## Work to complete
A verbatim repeat of the lines below is required, with the pictures removed.

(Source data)
[Start of Attachment]
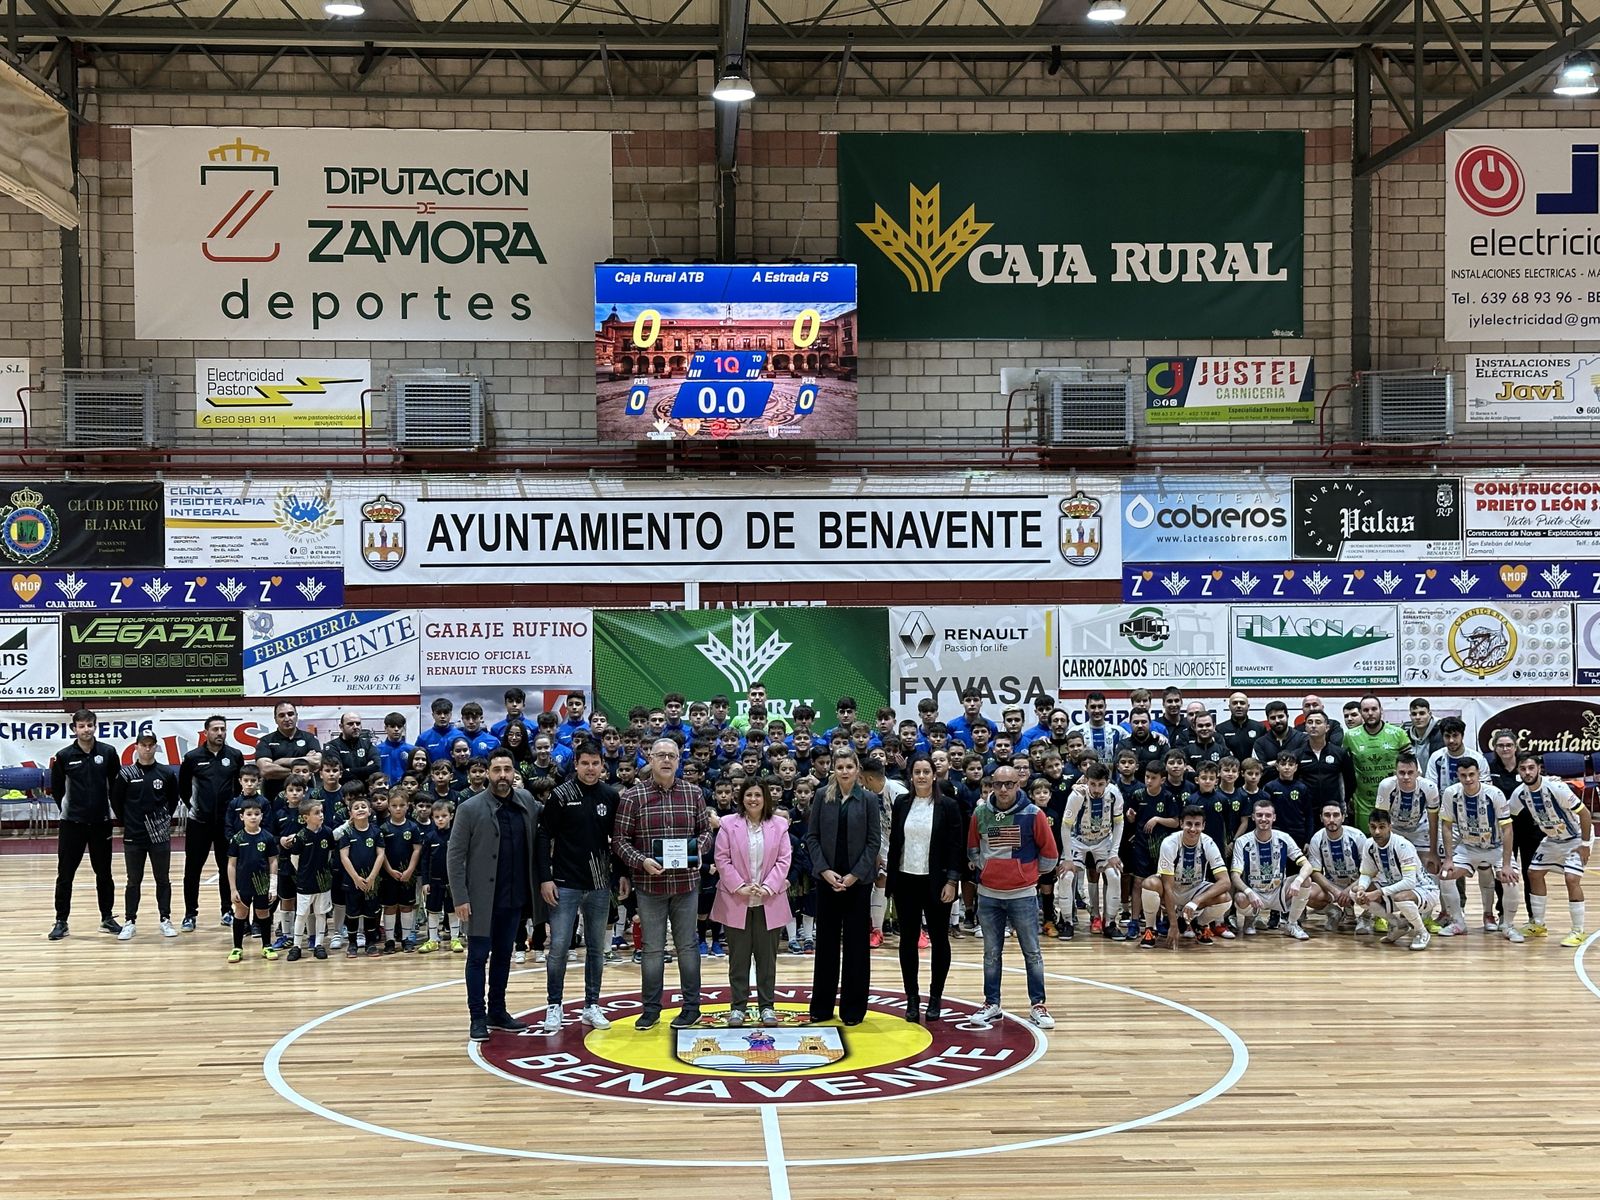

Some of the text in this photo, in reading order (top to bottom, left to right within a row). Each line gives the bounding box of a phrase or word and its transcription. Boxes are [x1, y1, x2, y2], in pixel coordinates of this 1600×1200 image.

[308, 220, 548, 265] ZAMORA
[967, 242, 1288, 288] CAJA RURAL
[1451, 269, 1577, 279] INSTALACIONES ELECTRICAS
[615, 273, 705, 285] Caja Rural ATB
[752, 273, 829, 283] A Estrada FS
[221, 278, 532, 330] deportes
[1452, 292, 1572, 304] Tel. 639 68 93 96
[632, 309, 662, 349] 0
[792, 309, 821, 348] 0
[714, 357, 740, 374] 1Q
[1476, 358, 1571, 368] INSTALACIONES
[208, 368, 284, 382] Electricidad
[1198, 361, 1302, 385] JUSTEL
[1476, 369, 1548, 378] ELÉCTRICAS
[208, 383, 253, 396] Pastor
[1496, 380, 1565, 401] Javi
[630, 390, 646, 410] 0
[699, 387, 746, 414] 0.0
[800, 390, 814, 409] 0
[170, 486, 222, 495] CLÍNICA
[1157, 493, 1281, 505] LACTEAS
[68, 500, 158, 511] CLUB DE TIRO
[170, 498, 265, 506] FISIOTERAPIA
[1477, 496, 1586, 511] PRIETO LEÓN
[170, 509, 240, 517] INTEGRAL
[1157, 504, 1288, 529] cobreros
[1304, 482, 1372, 552] RESTAURANTE
[85, 519, 146, 531] EL JARAL
[427, 510, 1043, 552] AYUNTAMIENTO DE BENAVENTE
[1340, 508, 1415, 539] Palas
[1157, 534, 1288, 543] www.lacteascobreros.com
[1548, 530, 1593, 538] Explotaciones
[1201, 575, 1212, 596] Z
[1273, 575, 1284, 595] Z
[1343, 574, 1355, 595] Z
[1415, 574, 1426, 595] Z
[1501, 571, 1527, 582] AMOR
[13, 581, 41, 591] AMOR
[110, 582, 122, 603] Z
[185, 582, 197, 603] Z
[259, 581, 272, 602] Z
[1131, 576, 1143, 597] Z
[1531, 590, 1580, 598] CAJA RURAL
[70, 618, 237, 649] VEGAPAL
[253, 612, 360, 662] FERRETERIA
[426, 623, 588, 640] GARAJE RUFINO
[944, 629, 1029, 640] RENAULT
[259, 616, 416, 694] LA FUENTE
[427, 651, 531, 661] SERVICIO OFICIAL
[944, 644, 1008, 652] Passion for life
[427, 664, 573, 676] RENAULT TRUCKS ESPAÑA
[1063, 659, 1226, 678] CARROZADOS DEL NOROESTE
[332, 675, 349, 683] Tel.
[354, 675, 370, 683] 980
[389, 674, 400, 682] 06
[405, 674, 415, 682] 34
[16, 687, 35, 695] 416
[899, 676, 1046, 705] FYVASA
[507, 1045, 1014, 1098] BENAVENTE
[End of Attachment]
## Task output
Some of the text in this photo, in reading order (top to bottom, left to right within a row). Each line gives the bounding box of a phrase or word and its transcription. Boxes are [x1, y1, x2, y2], in pixel coordinates of this 1600×1200 image.

[308, 220, 548, 265] ZAMORA
[967, 242, 1288, 288] CAJA RURAL
[1451, 269, 1577, 279] INSTALACIONES ELECTRICAS
[615, 273, 705, 285] Caja Rural ATB
[752, 273, 829, 283] A Estrada FS
[221, 278, 532, 330] deportes
[1452, 292, 1572, 304] Tel. 639 68 93 96
[632, 309, 662, 349] 0
[792, 309, 821, 348] 0
[714, 357, 740, 374] 1Q
[1476, 358, 1571, 368] INSTALACIONES
[208, 368, 284, 382] Electricidad
[1198, 361, 1302, 385] JUSTEL
[1476, 369, 1548, 378] ELÉCTRICAS
[208, 383, 253, 396] Pastor
[1496, 380, 1565, 401] Javi
[630, 390, 646, 410] 0
[699, 387, 746, 414] 0.0
[800, 390, 814, 409] 0
[170, 486, 222, 495] CLÍNICA
[1157, 493, 1281, 505] LACTEAS
[68, 500, 158, 511] CLUB DE TIRO
[170, 498, 265, 506] FISIOTERAPIA
[1477, 496, 1586, 511] PRIETO LEÓN
[170, 509, 240, 517] INTEGRAL
[1157, 504, 1288, 529] cobreros
[1304, 482, 1372, 552] RESTAURANTE
[85, 519, 146, 531] EL JARAL
[427, 510, 1043, 552] AYUNTAMIENTO DE BENAVENTE
[1340, 508, 1415, 539] Palas
[1157, 534, 1288, 543] www.lacteascobreros.com
[1548, 530, 1593, 538] Explotaciones
[1201, 575, 1212, 596] Z
[1273, 575, 1284, 595] Z
[1343, 574, 1355, 595] Z
[1415, 574, 1426, 595] Z
[1501, 571, 1527, 582] AMOR
[13, 581, 41, 591] AMOR
[110, 582, 122, 603] Z
[185, 582, 197, 603] Z
[259, 581, 272, 602] Z
[1131, 576, 1143, 597] Z
[1531, 590, 1580, 598] CAJA RURAL
[70, 618, 237, 649] VEGAPAL
[253, 612, 360, 662] FERRETERIA
[426, 623, 588, 640] GARAJE RUFINO
[944, 629, 1029, 640] RENAULT
[259, 616, 416, 694] LA FUENTE
[427, 651, 531, 661] SERVICIO OFICIAL
[944, 644, 1008, 652] Passion for life
[427, 664, 573, 676] RENAULT TRUCKS ESPAÑA
[1063, 659, 1226, 678] CARROZADOS DEL NOROESTE
[332, 675, 349, 683] Tel.
[354, 675, 370, 683] 980
[389, 674, 400, 682] 06
[405, 674, 415, 682] 34
[16, 687, 35, 695] 416
[899, 676, 1046, 705] FYVASA
[507, 1045, 1014, 1098] BENAVENTE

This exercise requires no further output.